» **WHAT IS EXPECTED**: The listing below must be repeated word for word, without its pictures.
── PROVIDED INFORMATION
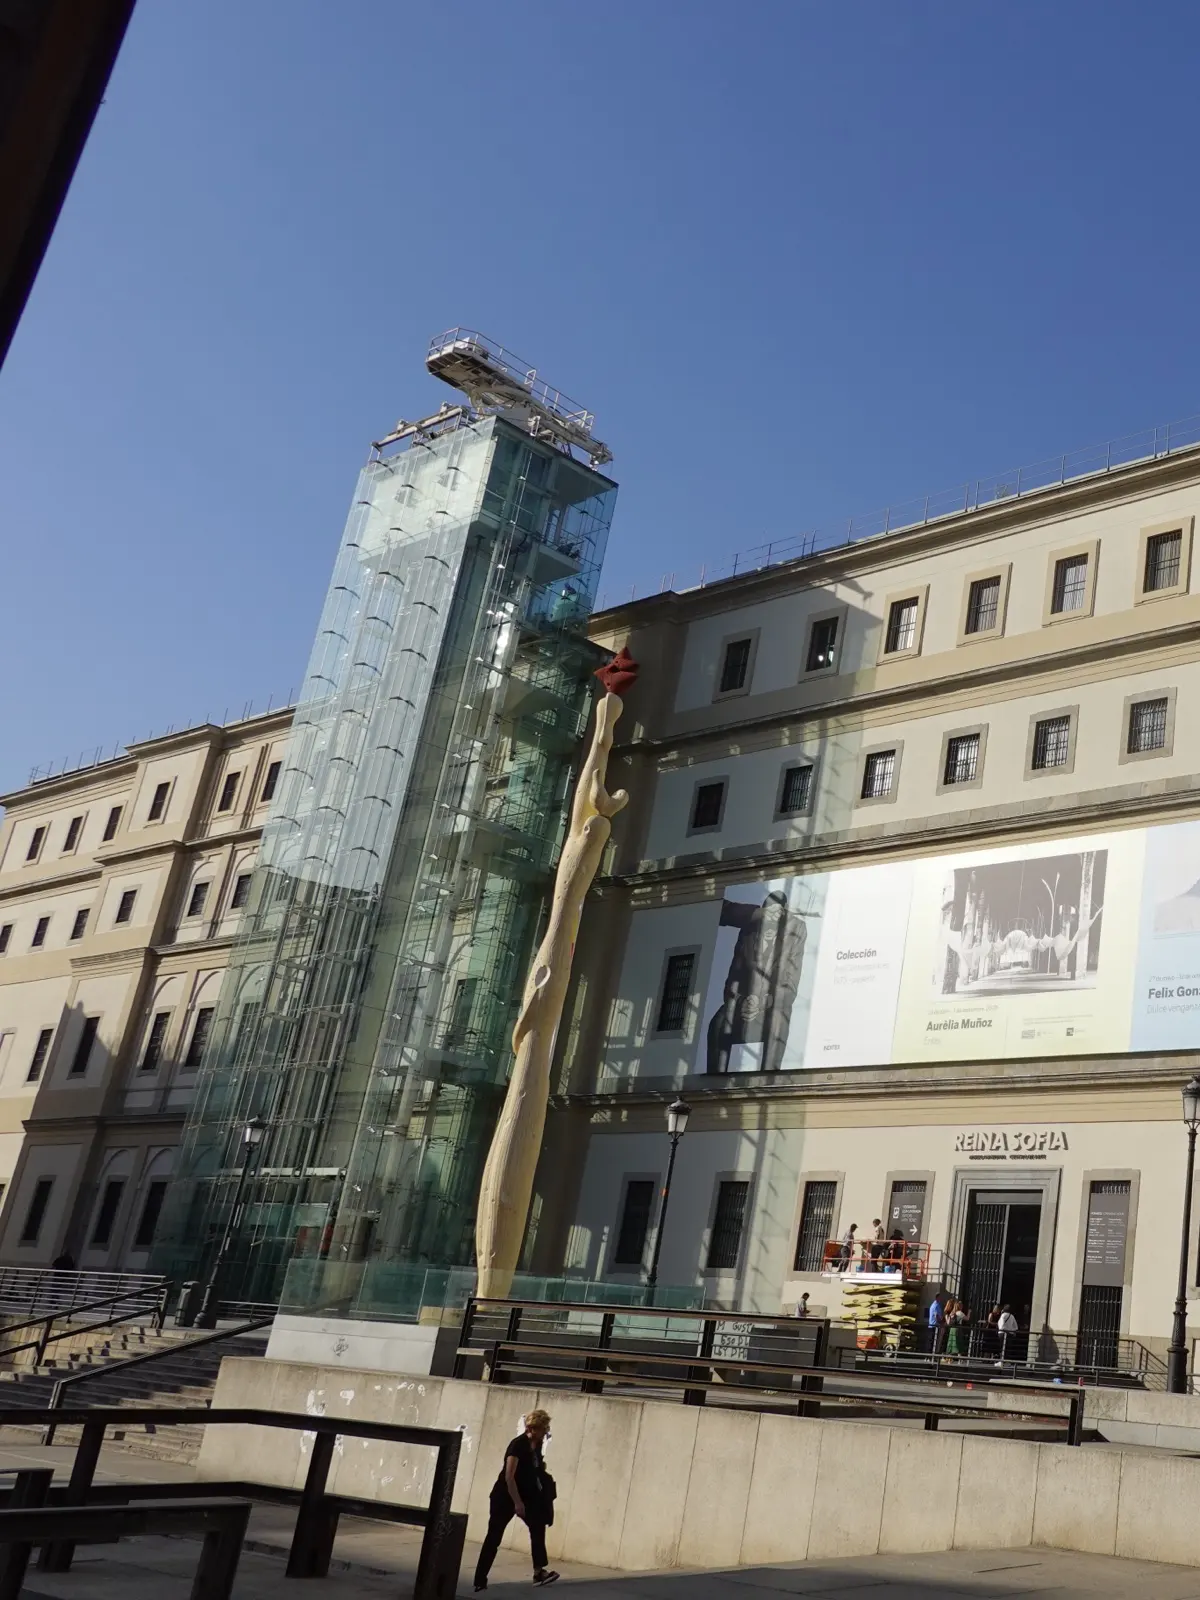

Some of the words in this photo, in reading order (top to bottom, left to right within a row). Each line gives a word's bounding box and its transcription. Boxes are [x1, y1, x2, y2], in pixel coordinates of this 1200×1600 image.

[836, 948, 877, 961] Colección
[1147, 987, 1174, 999] Felix
[925, 1019, 959, 1032] Aurèlia
[960, 1017, 993, 1030] Muñoz
[954, 1131, 1009, 1152] REINA
[1013, 1131, 1070, 1152] SOFIA
────
» **WRITTEN ANSWER**:
Some of the words in this photo, in reading order (top to bottom, left to right within a row). Each line gives a word's bounding box and its transcription. Boxes are [x1, y1, x2, y2], in pixel coordinates of this 1200×1600 image.

[836, 948, 877, 961] Colección
[1147, 987, 1174, 999] Felix
[925, 1019, 959, 1032] Aurèlia
[960, 1017, 993, 1030] Muñoz
[954, 1131, 1009, 1152] REINA
[1013, 1131, 1070, 1152] SOFIA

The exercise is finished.